Task requirements:
Only the text of the records below belongs in the answer, copied exactly, with pictures omitted.

The input:
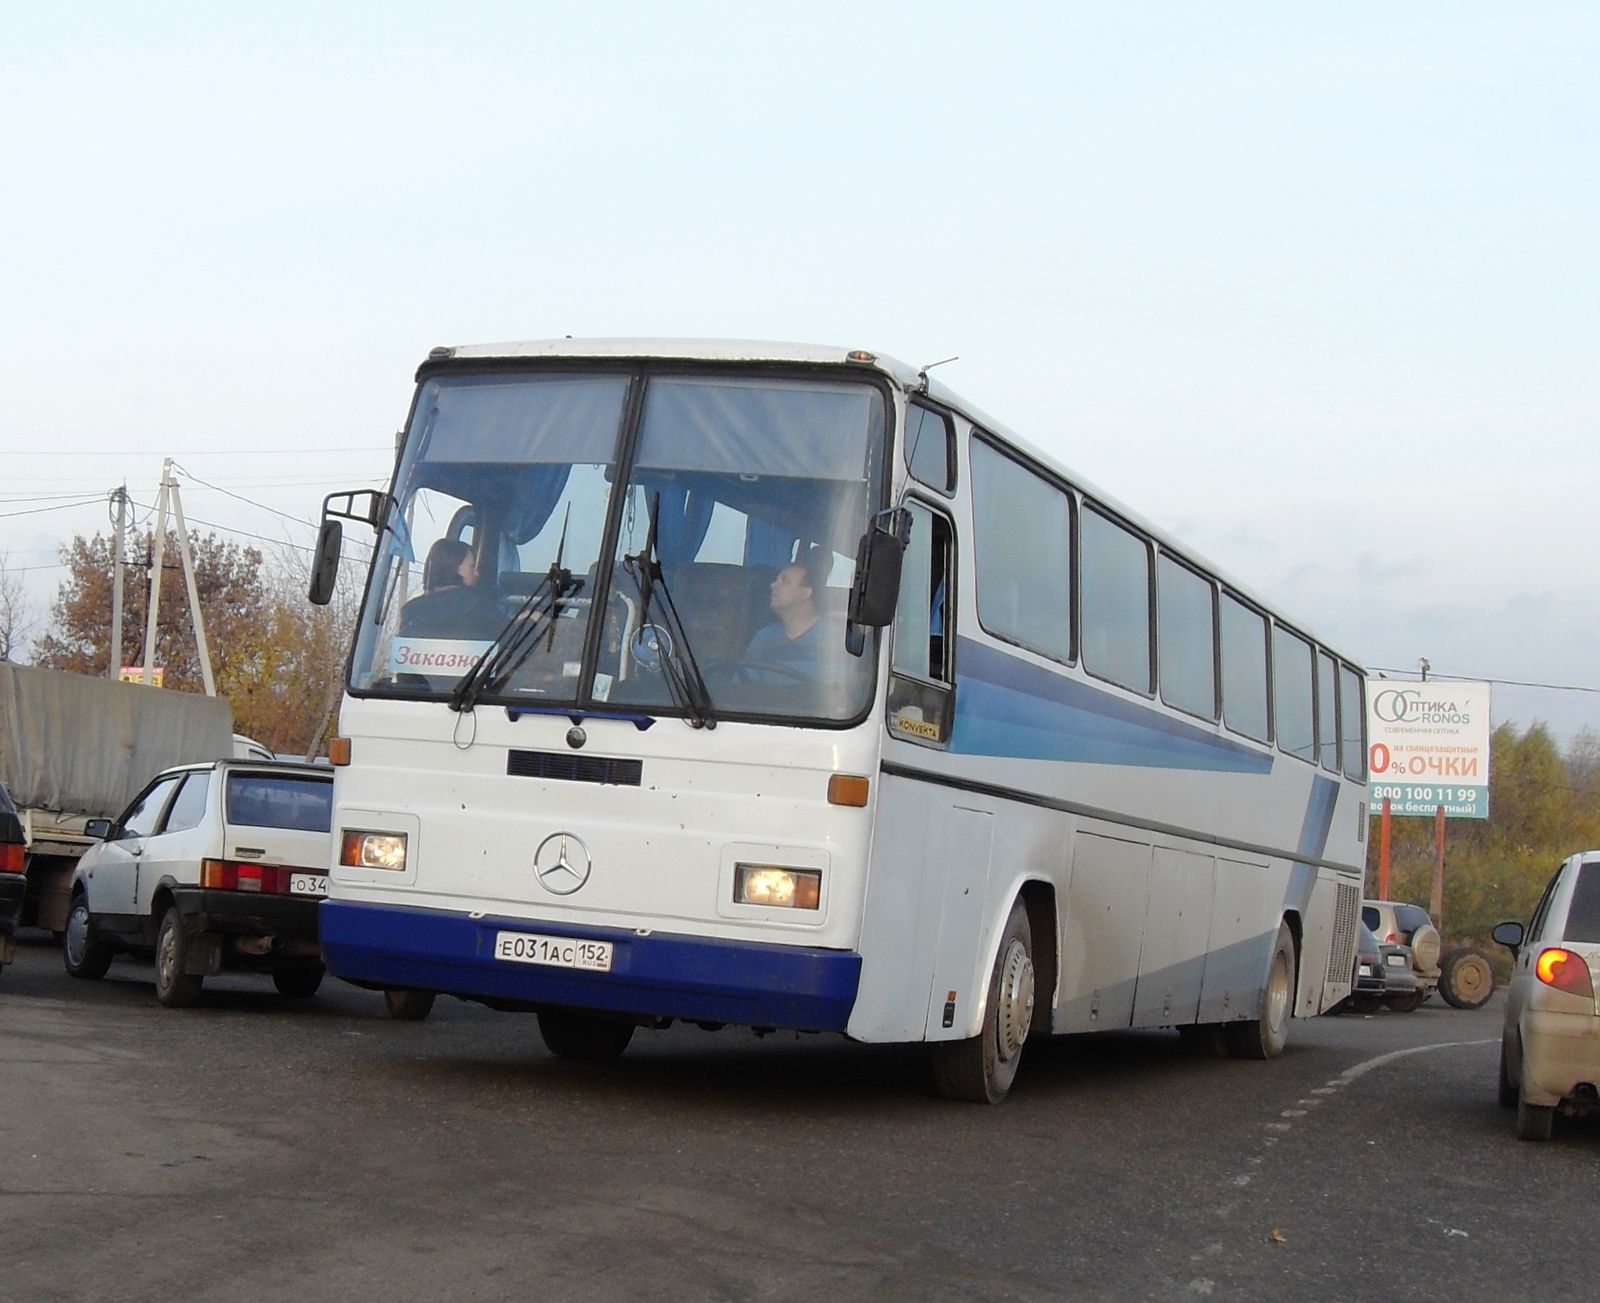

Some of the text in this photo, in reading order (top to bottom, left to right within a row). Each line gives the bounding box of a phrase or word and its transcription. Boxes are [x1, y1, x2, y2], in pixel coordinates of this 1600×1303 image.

[395, 645, 494, 669] Заказно
[898, 720, 937, 738] KONVEKTA
[1393, 744, 1404, 752] на
[1408, 756, 1478, 777] ОЧКИ
[1374, 786, 1476, 802] 800 100 11 99
[1405, 801, 1476, 814] бесплтный)
[578, 943, 606, 962] 152

Result for this task:
Some of the text in this photo, in reading order (top to bottom, left to right within a row). Each line gives the bounding box of a phrase or word and its transcription. Boxes are [x1, y1, x2, y2], in pixel coordinates of this 1600×1303 image.

[395, 645, 494, 669] Заказно
[898, 720, 937, 738] KONVEKTA
[1393, 744, 1404, 752] на
[1408, 756, 1478, 777] ОЧКИ
[1374, 786, 1476, 802] 800 100 11 99
[1405, 801, 1476, 814] бесплтный)
[578, 943, 606, 962] 152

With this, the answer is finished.